Repeat the data verbatim, images excluded.

--*--

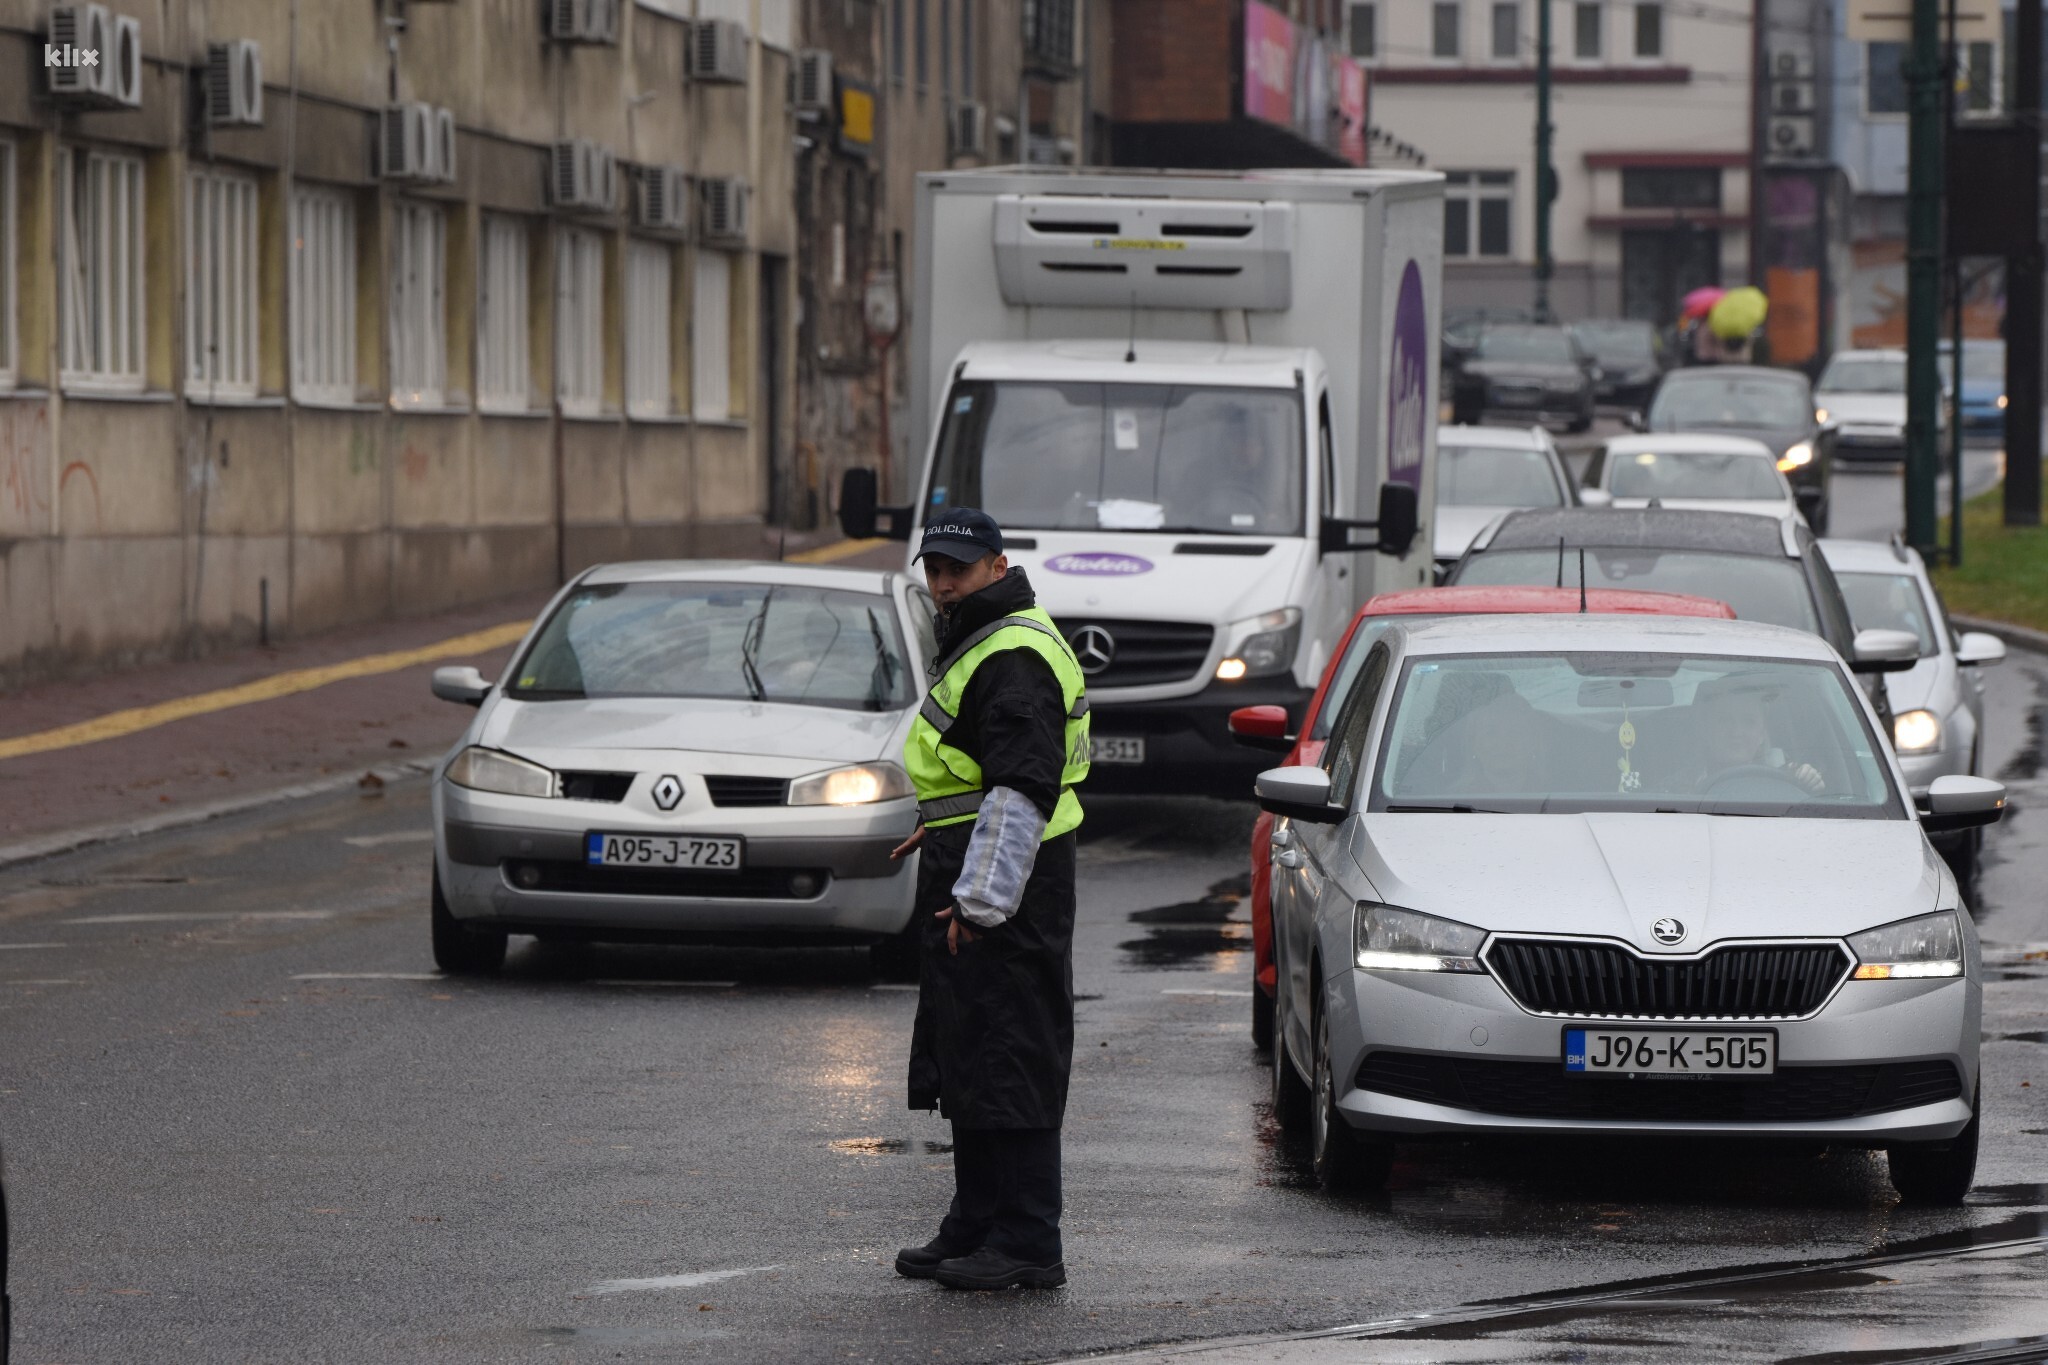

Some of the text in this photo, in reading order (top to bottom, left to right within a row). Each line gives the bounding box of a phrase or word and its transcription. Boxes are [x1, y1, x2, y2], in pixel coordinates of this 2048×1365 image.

[926, 524, 974, 537] POLICIJA
[605, 838, 736, 867] A95-J-723
[1567, 1036, 1768, 1068] BIH J96-K-505
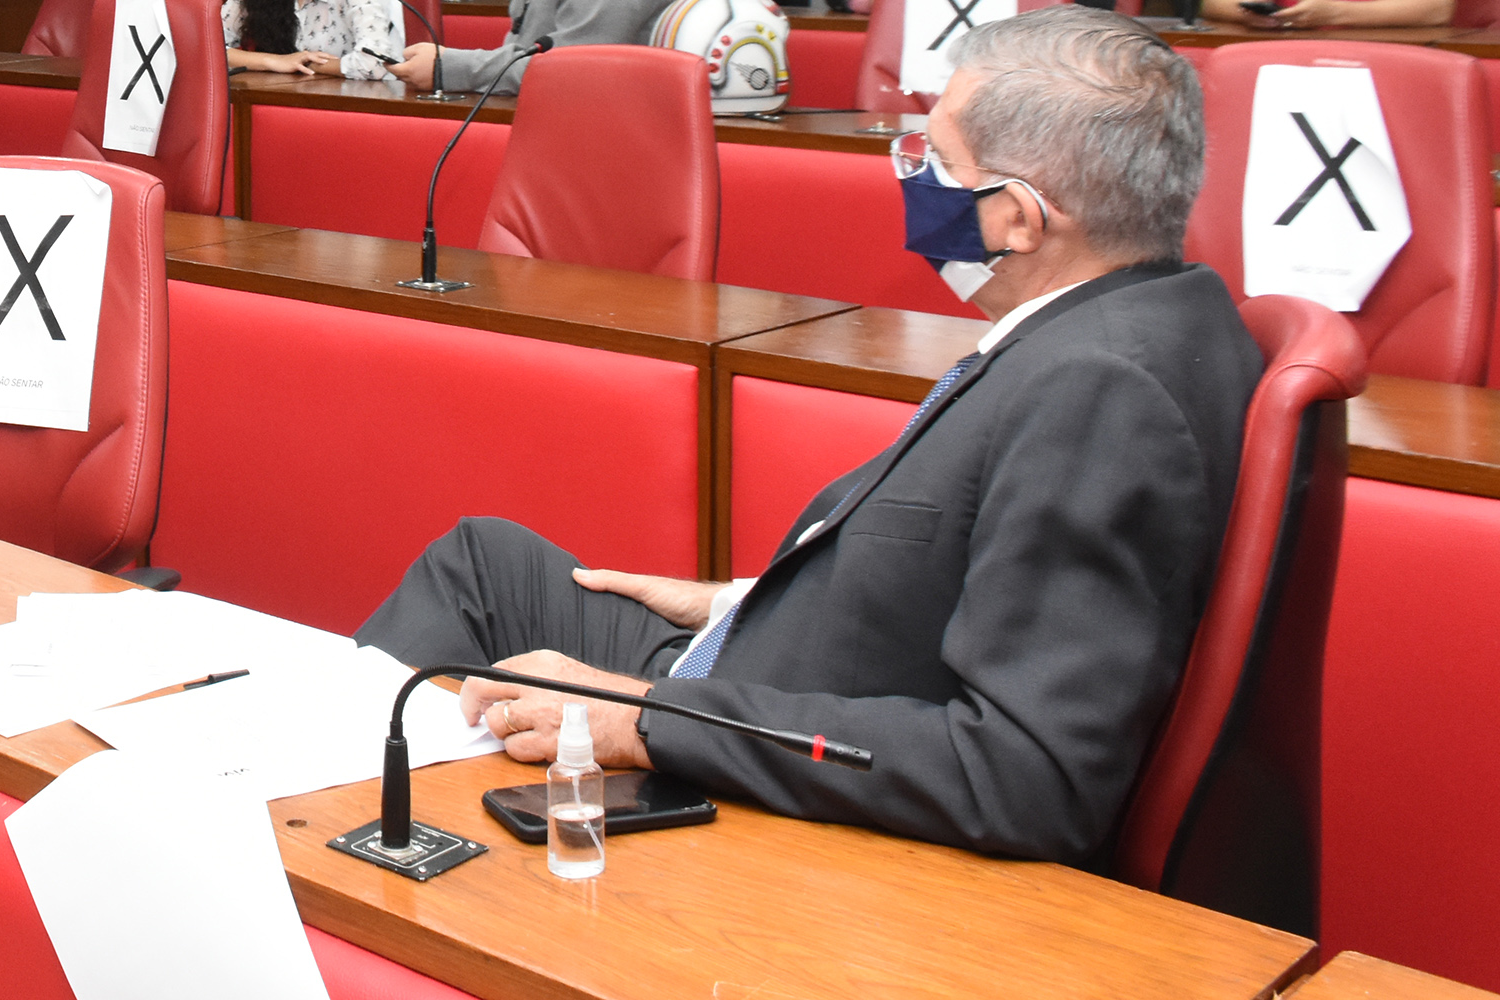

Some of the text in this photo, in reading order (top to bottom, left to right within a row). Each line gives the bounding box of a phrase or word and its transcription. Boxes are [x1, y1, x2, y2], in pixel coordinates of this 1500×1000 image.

[120, 24, 166, 105] X
[1273, 111, 1378, 232] X
[11, 378, 44, 388] SENTAR
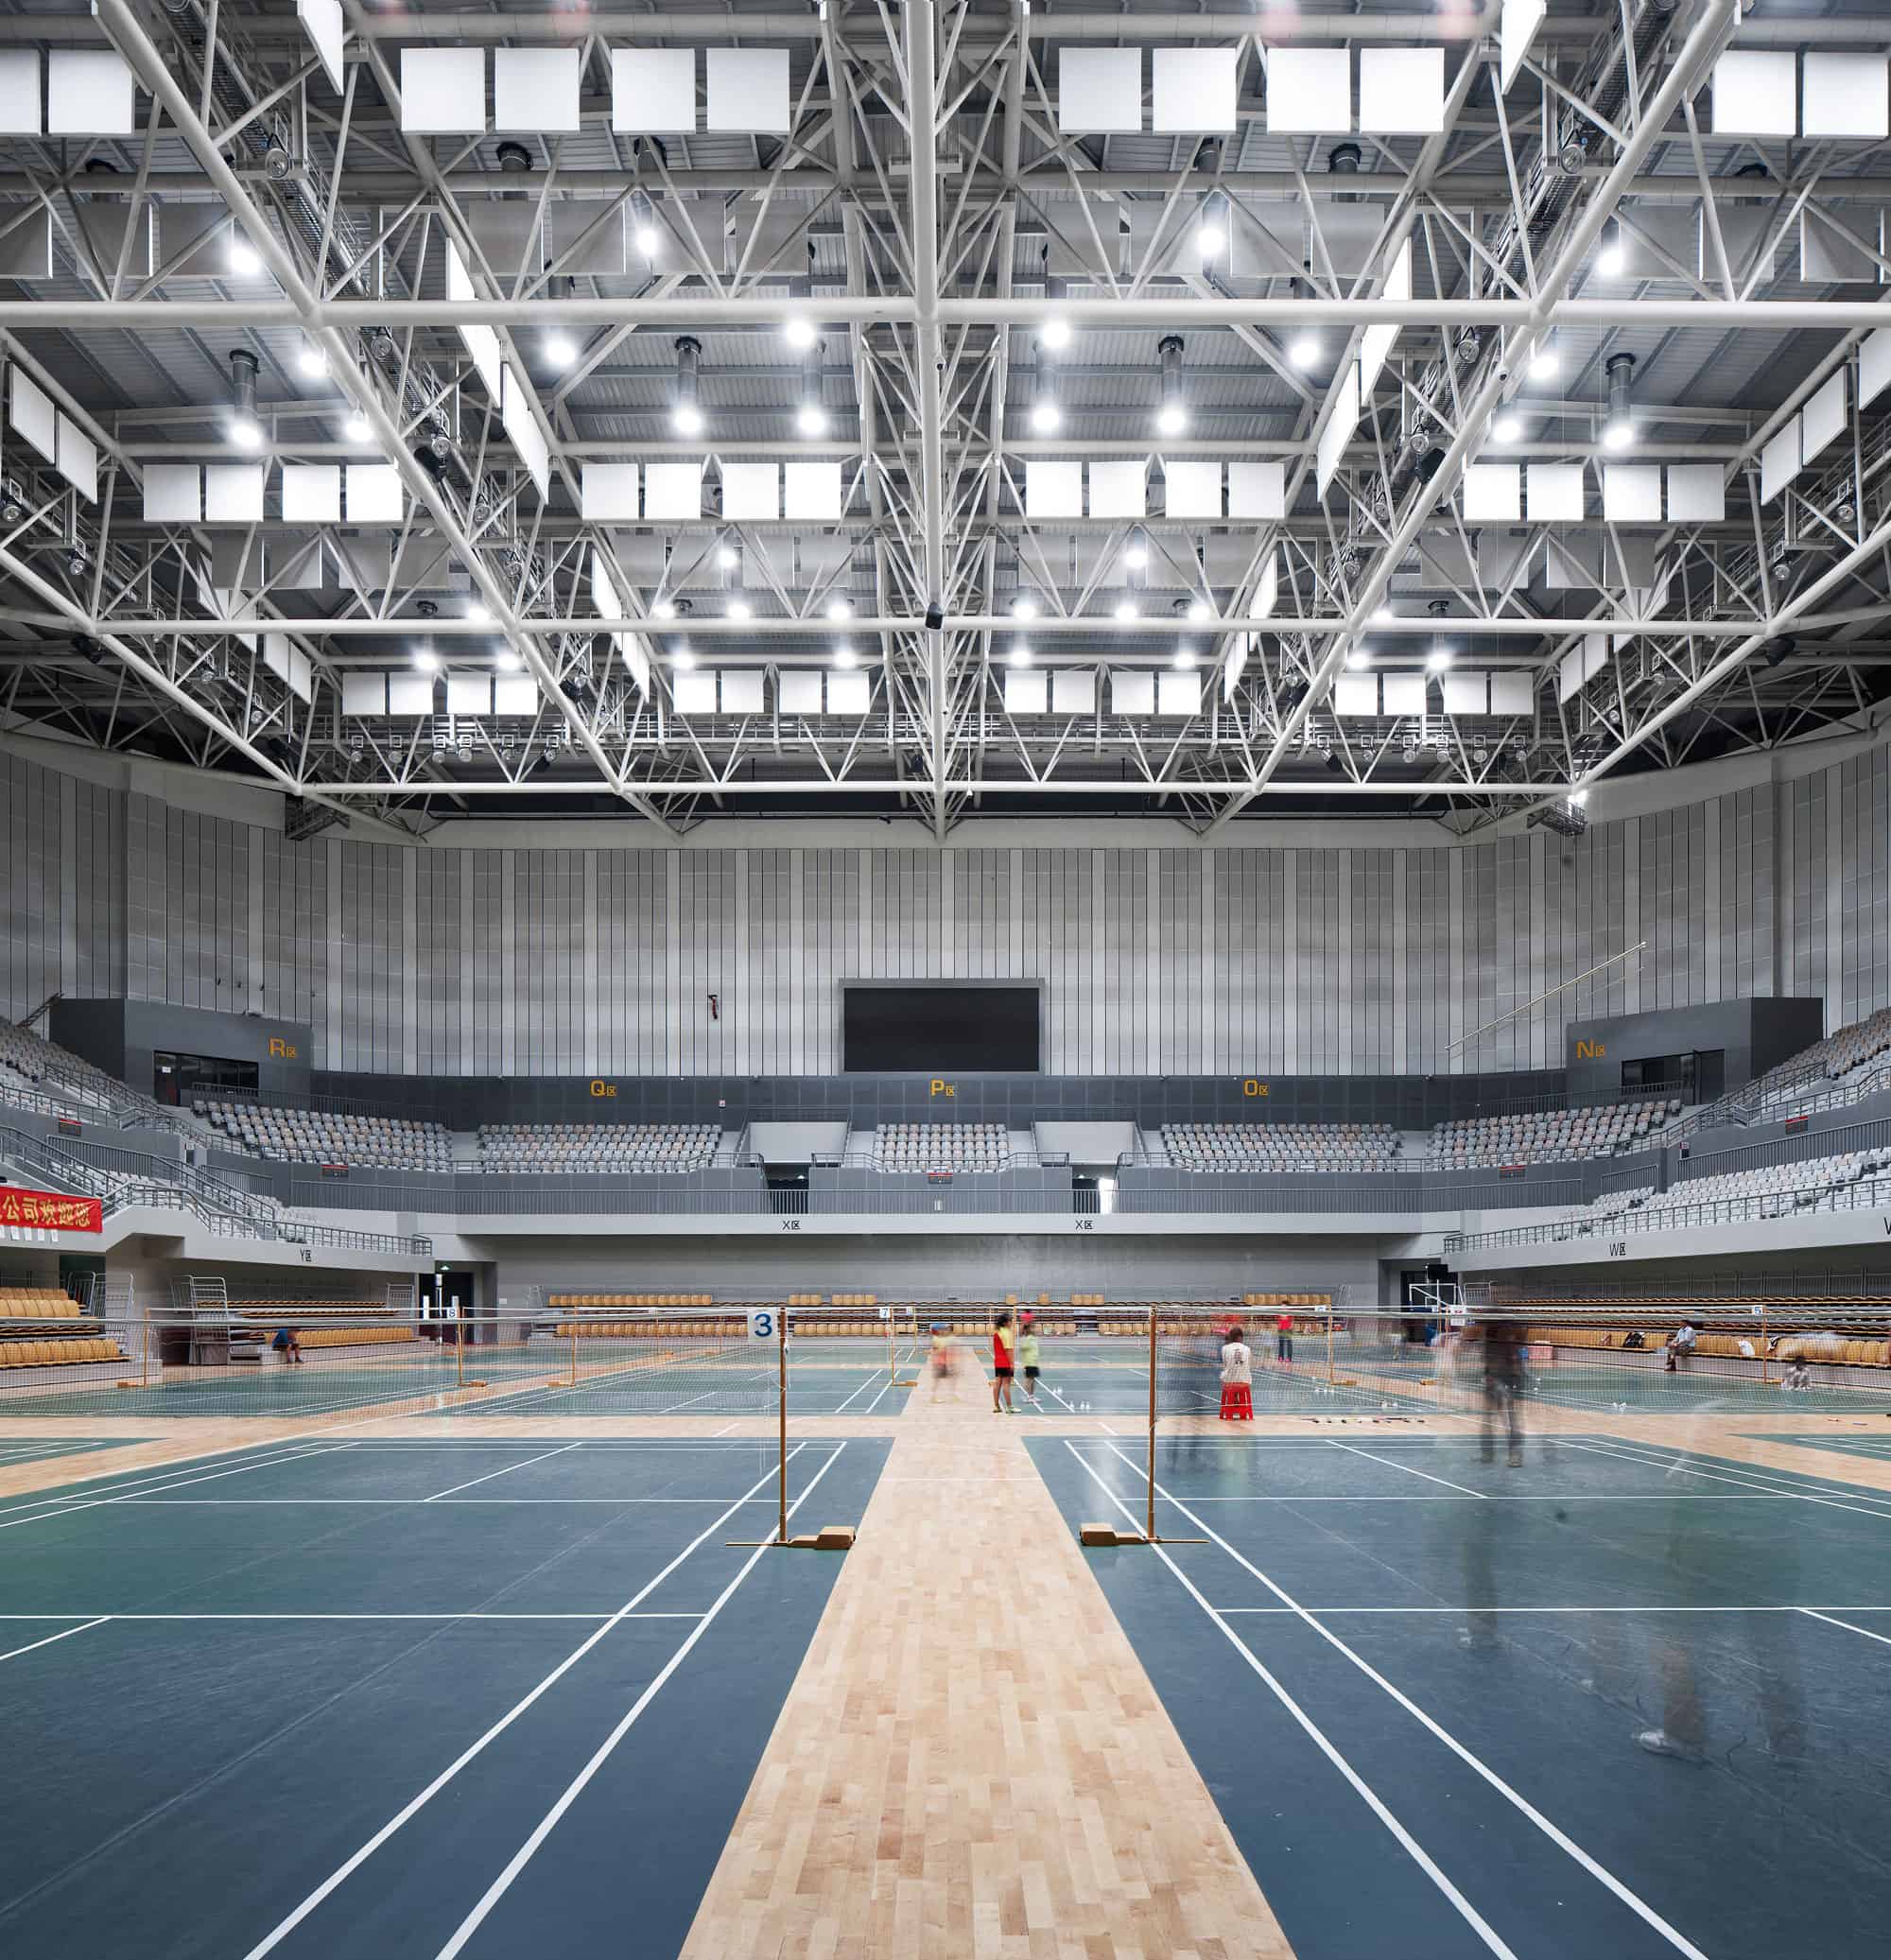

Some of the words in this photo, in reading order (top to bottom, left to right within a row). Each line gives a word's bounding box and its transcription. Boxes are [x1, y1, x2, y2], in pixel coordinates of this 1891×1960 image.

[269, 1037, 296, 1059] R区
[1576, 1039, 1605, 1059] N区
[590, 1080, 617, 1097] Q区
[930, 1080, 957, 1097] P区
[0, 1194, 91, 1227] 公司欢迎您
[782, 1220, 802, 1230] X区
[1075, 1220, 1094, 1230] X区
[299, 1248, 312, 1262] Y区
[1609, 1241, 1626, 1257] W区
[755, 1313, 772, 1337] 3

--*--

■ Solution to this task ■
Some of the text in this photo, in reading order (top to bottom, left to right within a row). Each line gives the bounding box of a phrase or word and its transcription. Boxes are [x1, y1, x2, y2], in pixel coordinates of this 2048×1365 image.

[926, 524, 974, 537] POLICIJA
[605, 838, 736, 867] A95-J-723
[1567, 1036, 1768, 1068] BIH J96-K-505

Some of the text in this photo, in reading order (top to bottom, left to right within a row). Each line gives the bounding box of a phrase or word and its transcription. Boxes are [x1, y1, x2, y2], in pixel coordinates of this 1500×1000 image.

[120, 24, 166, 105] X
[1273, 111, 1378, 232] X
[11, 378, 44, 388] SENTAR

Some of the words in this photo, in reading order (top to bottom, left to right within a row). Each line gives a word's bounding box and its transcription. Boxes are [x1, y1, x2, y2], in pixel coordinates of this 1891×1960 image.

[269, 1037, 296, 1059] R区
[1576, 1039, 1605, 1059] N区
[590, 1080, 617, 1097] Q区
[930, 1080, 957, 1097] P区
[0, 1194, 91, 1227] 公司欢迎您
[782, 1220, 802, 1230] X区
[1075, 1220, 1094, 1230] X区
[299, 1248, 312, 1262] Y区
[1609, 1241, 1626, 1257] W区
[755, 1313, 772, 1337] 3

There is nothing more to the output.